Item requiring cash outflow

An expense is an item requiring an outflow of money, or any form of fortune in general, to another person or group as payment for an item, service, or other category of costs. For a tenant, rent is an expense. For students or parents, tuition is an expense. Buying food, clothing, furniture, or an automobile is often referred to as an expense. An expense is a cost that is "paid" or "remitted", usually in exchange for something of value. Something that seems to cost a great deal is "expensive". Something that seems to cost little is "inexpensive". "Expenses of the table" are expenses for dining, refreshments, a feast, etc.

In accounting, expense is any specific outflow of cash or other valuable assets from a person or company to another person or company. This outflow is generally one side of a trade for products or services that have equal or better current or future value to the buyer than to the seller. Technically, an expense is an event in which a proprietary stake is diminished or exhausted, or a liability is incurred. In terms of the accounting equation, expenses reduce owners' equity. The International Accounting Standards Board defines expenses as:
...decreases in economic benefits during the accounting period in the form of outflows or depletions of assets or incurrences of liabilities that result in decreases in equity, other than those relating to distributions to equity participants.

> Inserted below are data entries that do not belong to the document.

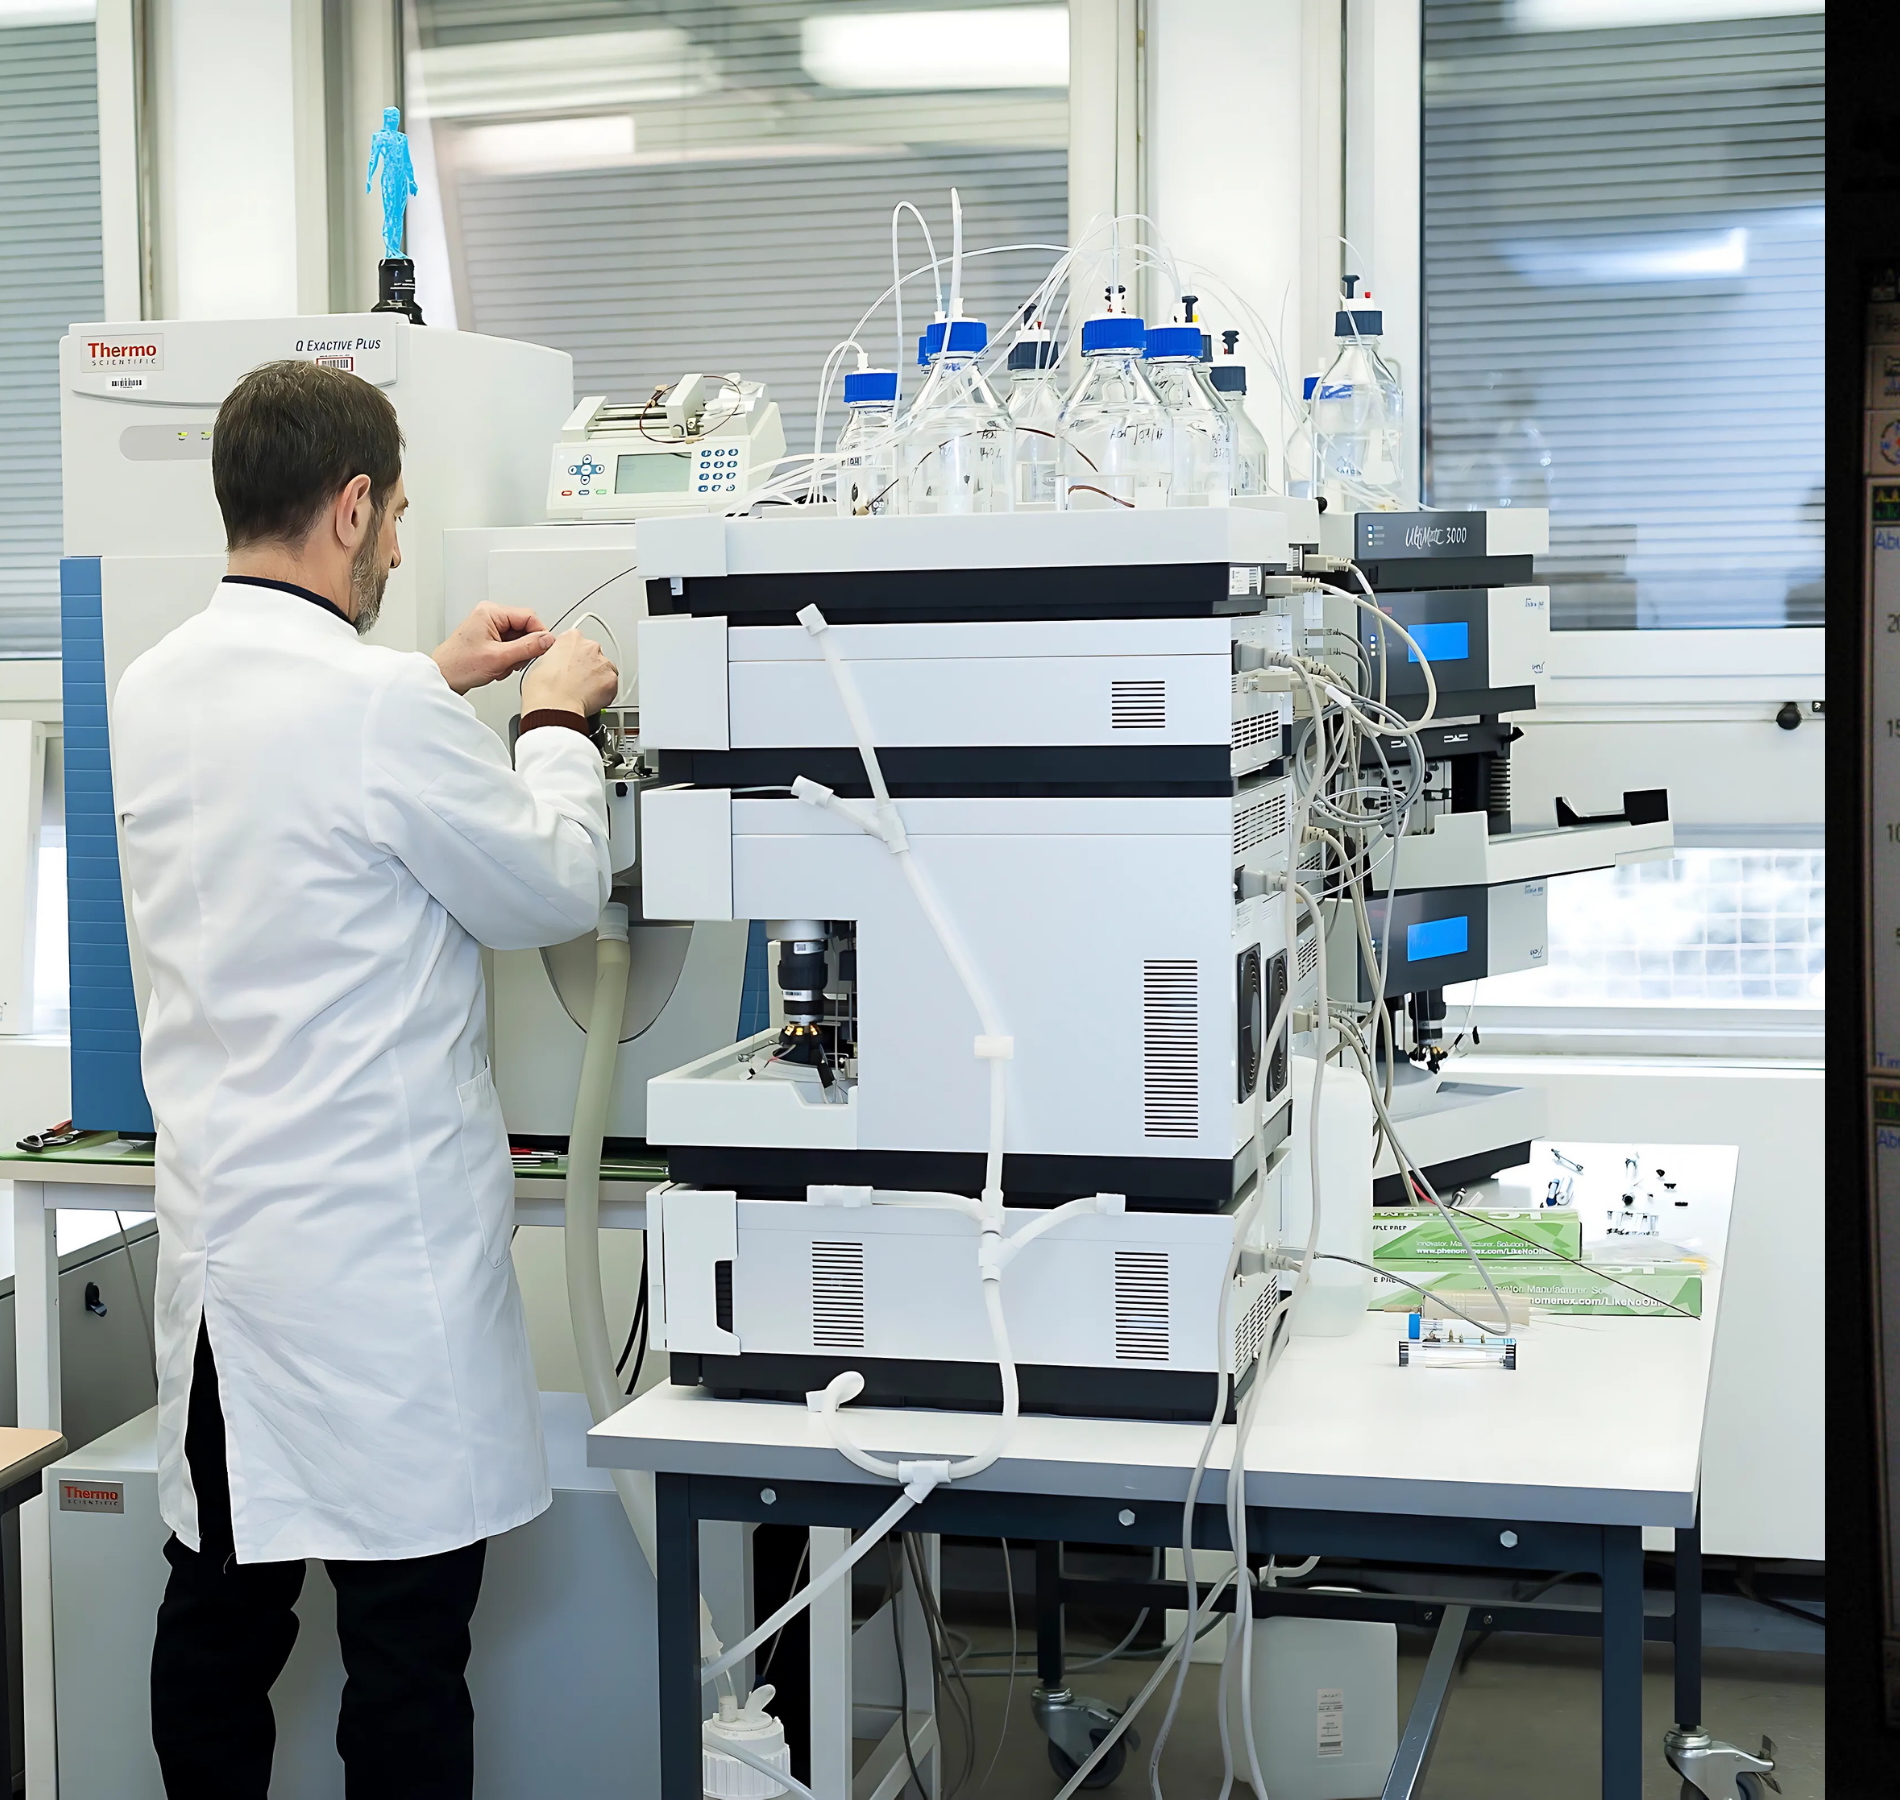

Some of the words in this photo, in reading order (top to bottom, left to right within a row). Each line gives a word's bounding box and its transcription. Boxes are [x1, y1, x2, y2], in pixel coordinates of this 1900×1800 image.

[1875, 313, 1899, 333] File
[88, 343, 157, 359] Thermo
[295, 340, 304, 352] Q
[307, 339, 353, 352] EXACTIVE
[356, 337, 382, 350] PLUS
[91, 358, 156, 367] SCIENTIFIC
[1446, 526, 1467, 545] 3000
[64, 1486, 118, 1500] Thermo
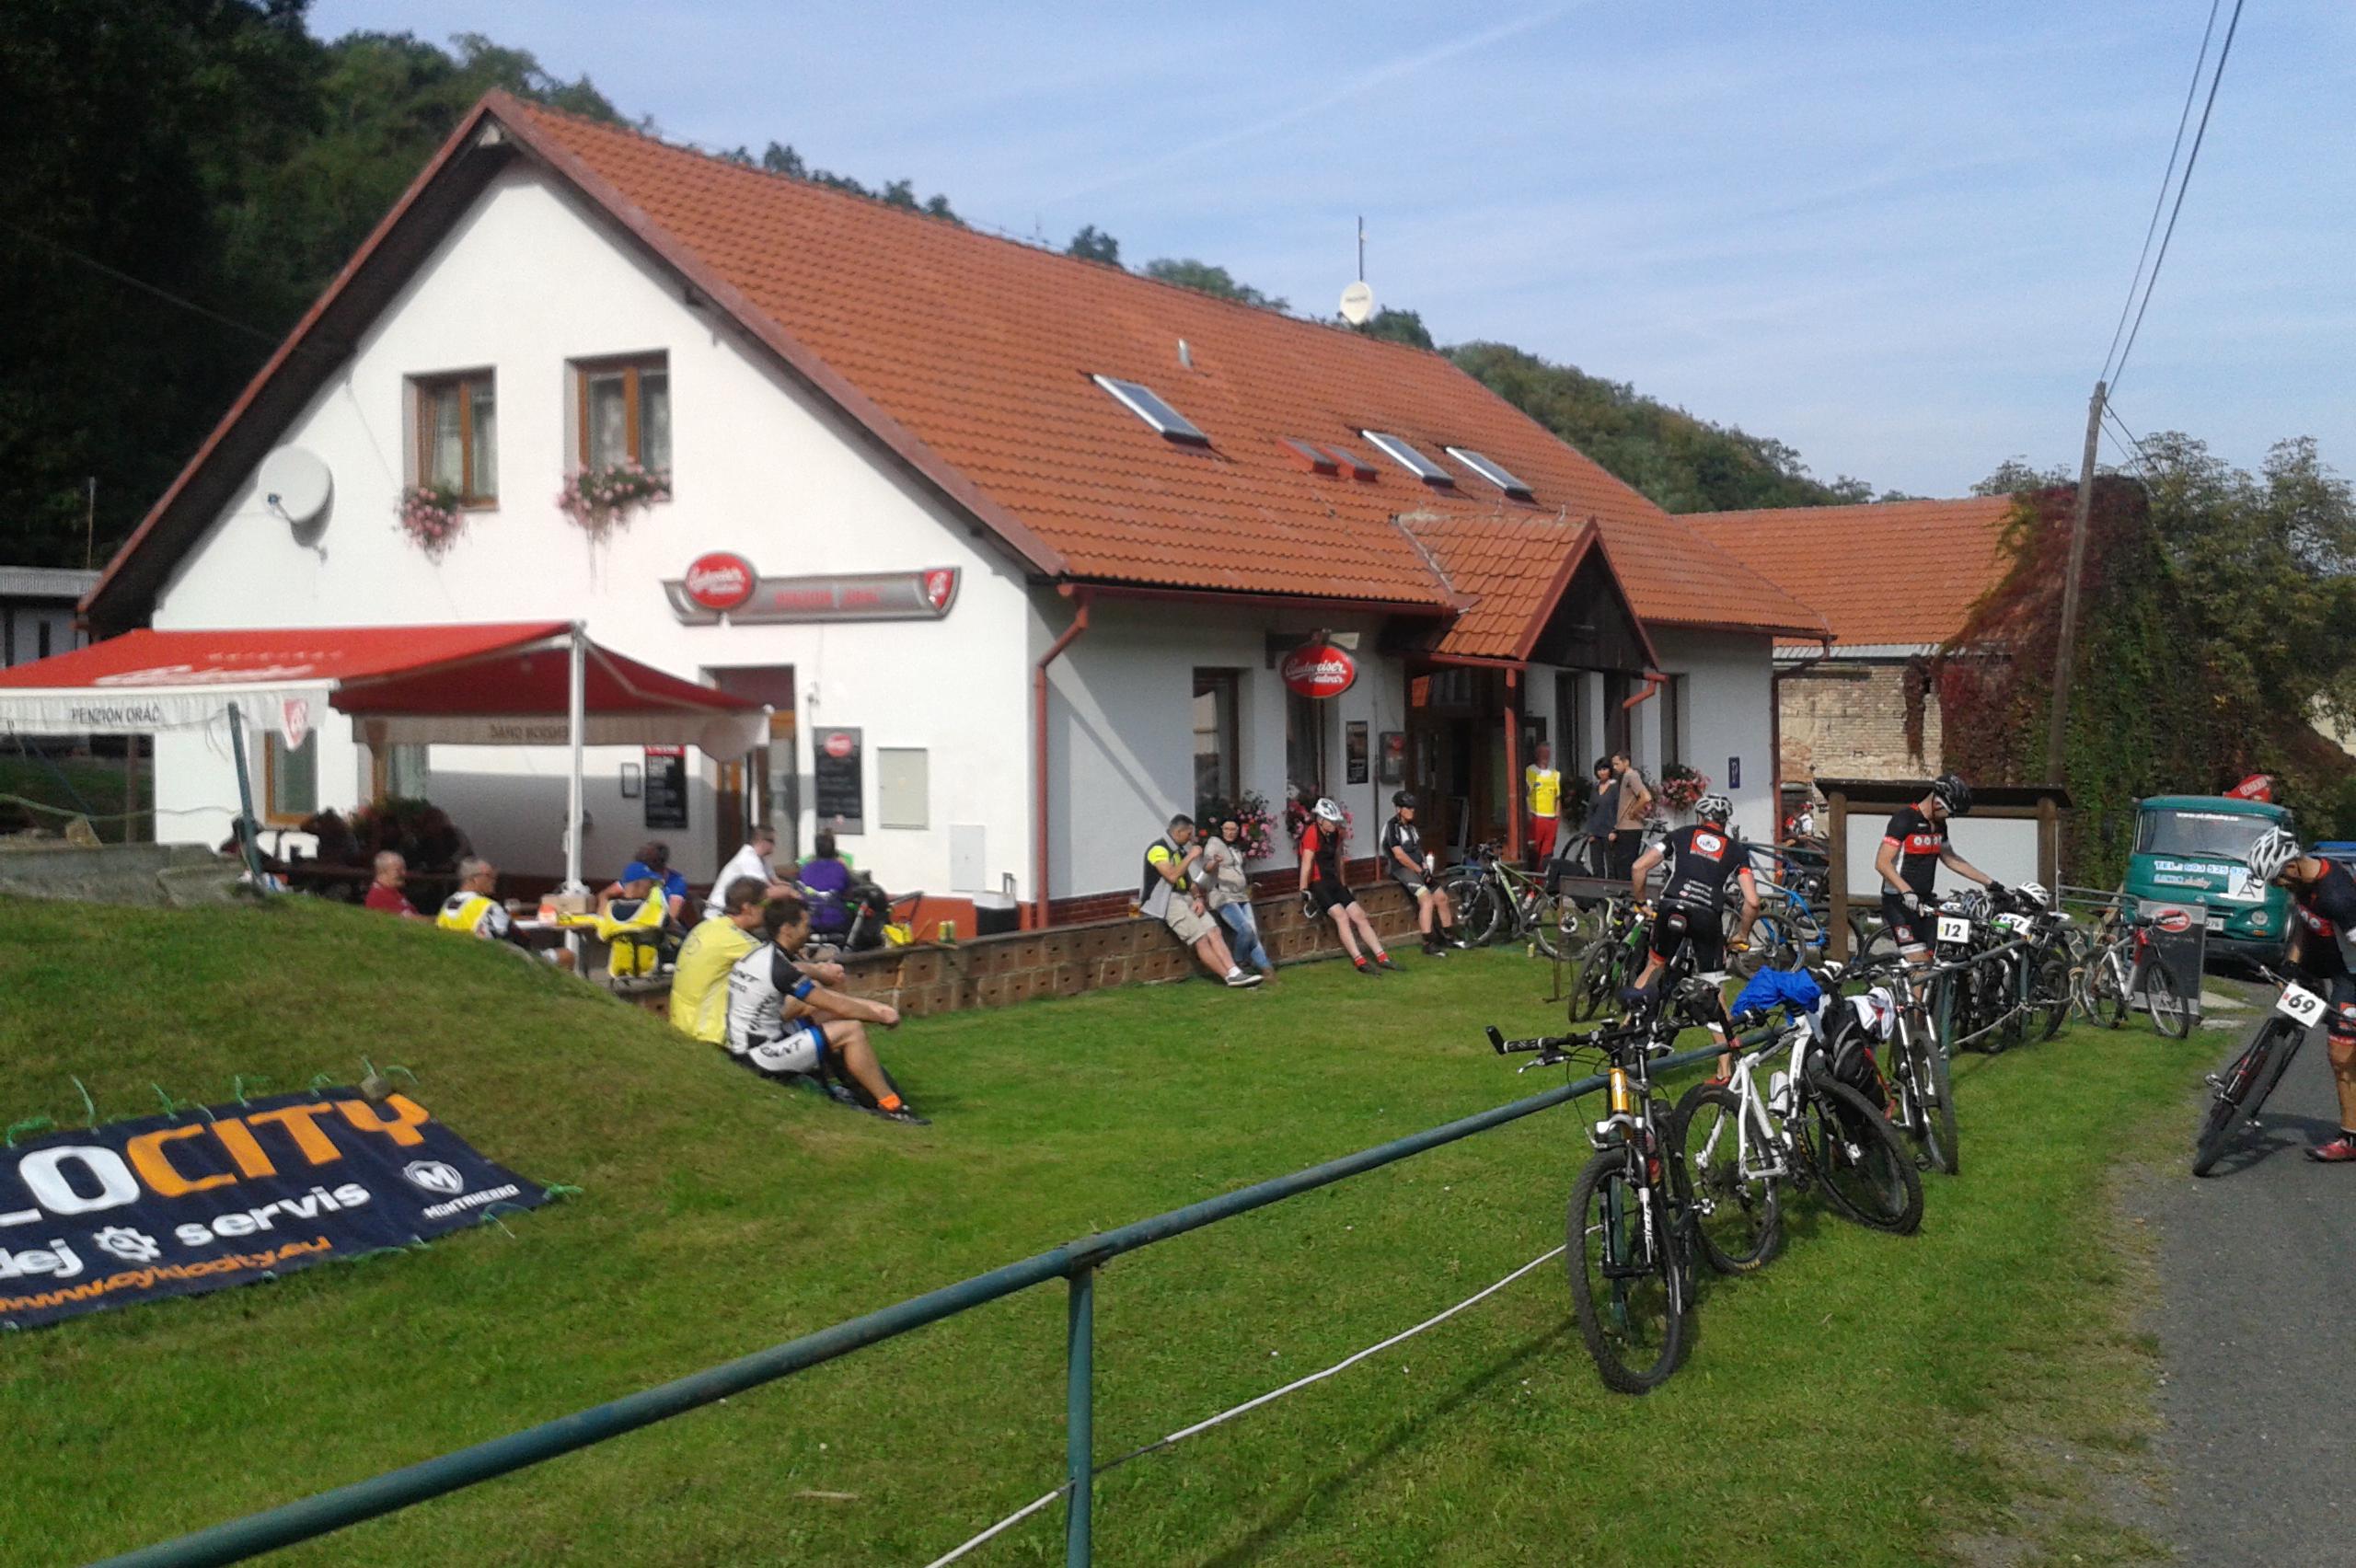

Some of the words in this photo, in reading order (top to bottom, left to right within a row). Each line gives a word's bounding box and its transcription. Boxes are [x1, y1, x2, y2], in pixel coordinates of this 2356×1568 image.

[1945, 923, 1961, 938] 12
[2288, 993, 2316, 1015] 69
[0, 1093, 431, 1228] OCITY
[174, 1182, 372, 1246] servis

Expense is a term also used in sociology, in which a particular fortune or price is sacrificed voluntarily or involuntarily by something or someone to something or somebody else, often in the context that the latter is taking advantage of the former.

==Bookkeeping for expenses==
In double-entry bookkeeping, expenses are recorded as a debit to an expense account (an income statement account) and a credit to either an asset account or a liability account, which are balance sheet accounts. An expense decreases assets or increases liabilities. Typical business expenses include salaries, utilities, depreciation of capital assets, supplies expense, and interest expense for loans. The purchase of a capital asset such as a building or equipment is not an expense.

==Cash flow==
In a cash flow statement (flow of funds statement), expenditures are divided into three categories:

- Operating: Operational expense – salary for employees
- Investing: Capital expenditure – buying equipment
- Expenditures (financial) Financing expense – interest expense for loans and bonds

Whether a particular expenditure is classified as an expense, which is reported immediately on the business's income statement or whether it is classified as a capital expenditure (or an expenditure subject to depreciation), which is not an expense flow of funds statement. Though, these latter types of expenditures are reported as expenses when they are depreciated by businesses that use accrual-basis accounting- as most large businesses and all C corporations do.

Defining an expense as capital or income using the most common interpretation depends upon its term.

When an expense is seen as a purchase, it alleviates this distinction. Soon after the purchase (that which was expenses holds no value), it is usually identified as an expense. It will be viewed as capital with life that should be amortized/depreciated and retained on the balance sheet if it retains value soon and long after the purchase.

==Deduction of business expenses under the United States tax code==
For tax purposes, the Internal Revenue Code permits the deduction of business expenses in the tax payable year in which those expenses are paid or incurred. This is in contrast to capital expenditures that are paid or incurred to acquire an asset. Expenses are costs that do not acquire, improve, or prolong the life of an asset. For example, a person who buys a new truck for a business would be making a capital expenditure because they have acquired a new business-related asset. This cost could not be deducted in the current taxable year. However, the gas the person buys during that year to fuel that truck would be considered a deductible expense. The cost of purchasing gas does not improve or prolong the life of the truck but simply allows the truck to run.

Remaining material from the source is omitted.